その域に達していない俺は過去に固執する
まだ考えることに価値があった時代、人々は体験を分類しようとした。
専門学校に通っていた頃、大学生の友達が西田幾多郎の『善の研究』で論文を書くと言っていた。
俺も読んだことがあったから、酒を飲みながら純粋経験の話をしたことを覚えている。
俺が熱く語るのに対し、友達は冷めていた。
論文を書くのに俺の感想は不要であり、似たことを書いている他の哲学書や、西田が引用した元の本で使える部分がないかを知りたかったのだろう。
そしてそもそも論旨は純粋経験に関する部分ではなかったのだろう。
西田幾多郎がどこで生まれて、何を食ってどこでクソしていたのかを書きたかったのかもしれない。
友達は今警察官をやっている。
純粋経験とはいわゆる初体験のことだが、原則としてそのものについてまったくの無知でなければならない。
判断材料皆無の中での青天の霹靂。
自他の区別がついていない状態での経験。
情報化社会と言われる現代において、事前情報なく何かに触れる機会は少なくなっている。
俺にとって最大の純粋経験は、情報化社会への接触だった。
つまりインターネットとの出会いだ。
「ネットはこんなもの」という知識がまったくない状態でパソコンに触ったのが小学6年生のとき。
きっかけが何だったのか、それすら覚えていない。
家に置いてあったパソコンは、母が年賀状を作るために購入したものだった。
1年に1度起動し年賀状を作るためだけの用途で設置された置物は、小学校低学年の頃から常に視界内にあったと思う。
俺もその頃からパソコンに触ってはいたけれども、ももんがクラブとかいう謎の知育ソフトをやるためだった。
クリックだけで遊ぶフリーゲームみたいなものだ。
小6のとき、確か『風来のシレン3』が欲しくて、それでも買ってもらえなかったことを誰かに言いたくて2chに書き込んだのが最初のインターネット体験だった。
そのまま「親が買ってくれない」という内容を書き込んで、さんざん叩かれた。
叩かれた内容よりも見ず知らずの人(言動から歳上なのがわかった)が俺の言葉に反応していることに驚愕し、以後様々なフォーラムに入り浸るようになった。
かつてパソコンが担っていたこの役割を、今はスマホが担っているのだろうか。
日本のスマホ所有率が5割を超えた2013年付近で「バカッター」「バイトテロ」という言葉が生まれた。
10年前は俺も19歳だったから、Twitterでバカなことをやっていたのはおそらく俺の世代である。
今はTikTokで寿司ペロペロだから、時代が進んでもプラットフォームが変わるだけでやっていることは変わらない。
ネットに年齢制限をかけても意味がないと思う。
むしろネット社会における善悪の価値基準を刷り込むには、触れる年齢は早ければ早いほうがいい。
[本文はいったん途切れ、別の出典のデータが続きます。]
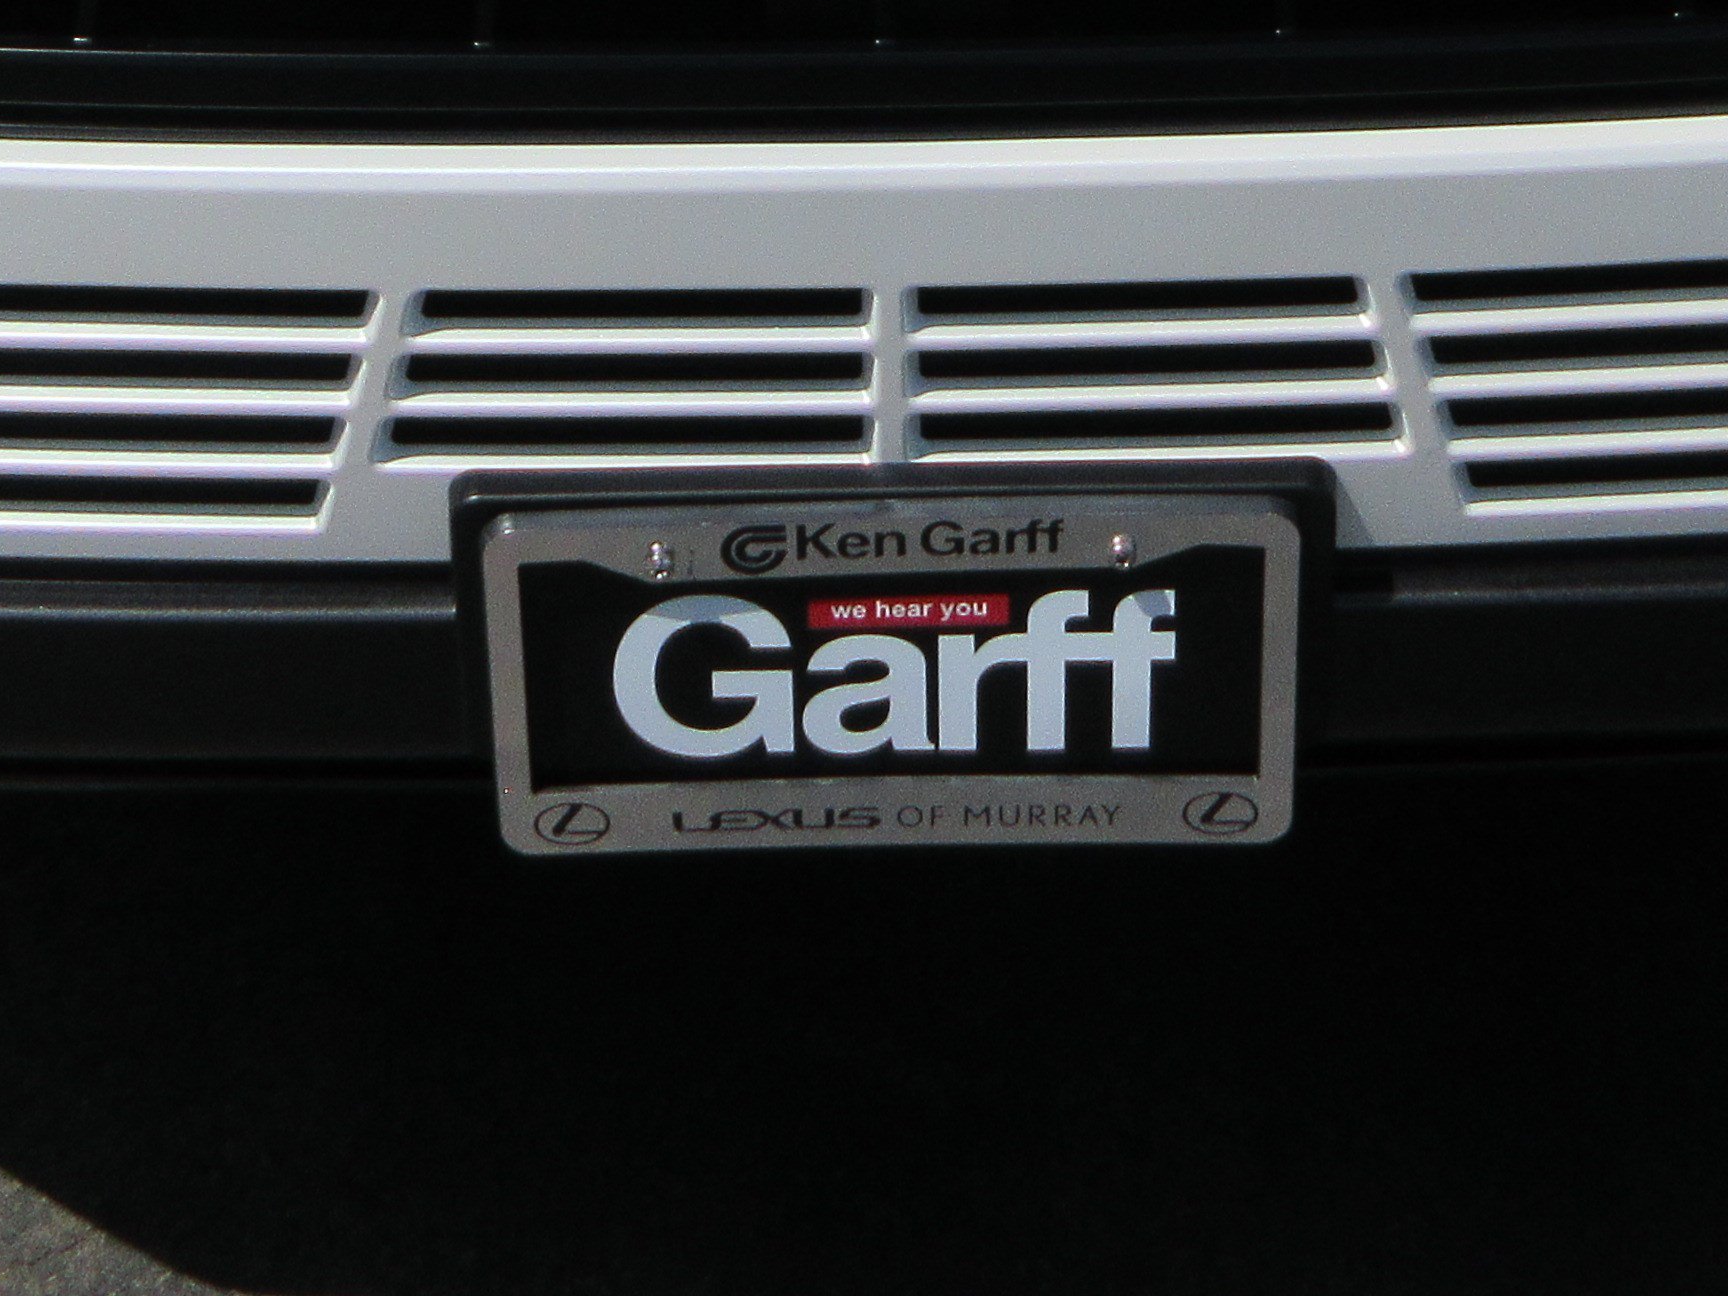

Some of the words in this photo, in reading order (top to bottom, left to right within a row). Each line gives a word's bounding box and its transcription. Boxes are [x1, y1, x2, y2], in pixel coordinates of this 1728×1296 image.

[795, 523, 908, 561] Ken
[921, 518, 1065, 556] Garff
[830, 602, 866, 619] we
[875, 600, 933, 619] hear
[939, 601, 988, 621] you
[612, 589, 1177, 759] Garff
[672, 808, 881, 833] LEXUS
[896, 805, 946, 829] OF
[962, 804, 1123, 829] MURRAY
むろんある程度制限された使い道をする必要はある。
しかし今のネットに健全な空間などあるだろうか。
俺の姪は今年で保育園の年長になるが、2年前からひたすらYou Tubeを見させられている。
母親が忙しく手が離せないとき、我々世代はディズニー、ジブリ、ドラえもん、アンパンマン、おかあさんといっしょ、ポンキッキーズなどを見させられてきた。
現代はその位置にYou Tube(You Tube KIDS)がいるだけだが、オフラインである昔ながらの媒体とは違いオンラインには様々な悪意が潜んでいる。
数年前「エルサゲート」という言葉が話題になった。
子供用動画に擬態してナンセンスな内容を子供に見せるトラップのことを指す。
今は規制が強化されているらしいが、俺はYou Tubeを見ている姪を見て心配になった。
自分がYou Tubeを見ているから分かるが、コンテンツの量でいえば圧倒的に英語のものが多いため、何時間もザッピングしていると自動的に英語圏の動画に行き着く。
姪も同じ末路を辿ったようで、2年間英語の動画を見続けたせいで日本語の発音よりも英語のほうが上手くなってしまった。
少子化、未婚化、晩婚化、核家族化。
社会は問題だらけだが、ふと昔に目をやってみると、おじいちゃんお婆ちゃんが孫の面倒を見ていた時代には子供はすくすく育っていた。
美化しすぎだろうか。
ここはひとつ、インターネット老人会に未成年の世話を任せたらどうか。
未婚、既婚、学歴、年収で煽り合っている年齢は除外する。
現実の老人になるためには年齢を重ねなければならないが、インターネット老人会に入るには年齢の他言動も老成していなければならない。
煽りはなく、代わりに未来も希望もない。
あるのは過去と、次の世代へのリスペクトだけ。
そんな老人会があれば、俺も入りたい。
その域に達していないかもしれないが。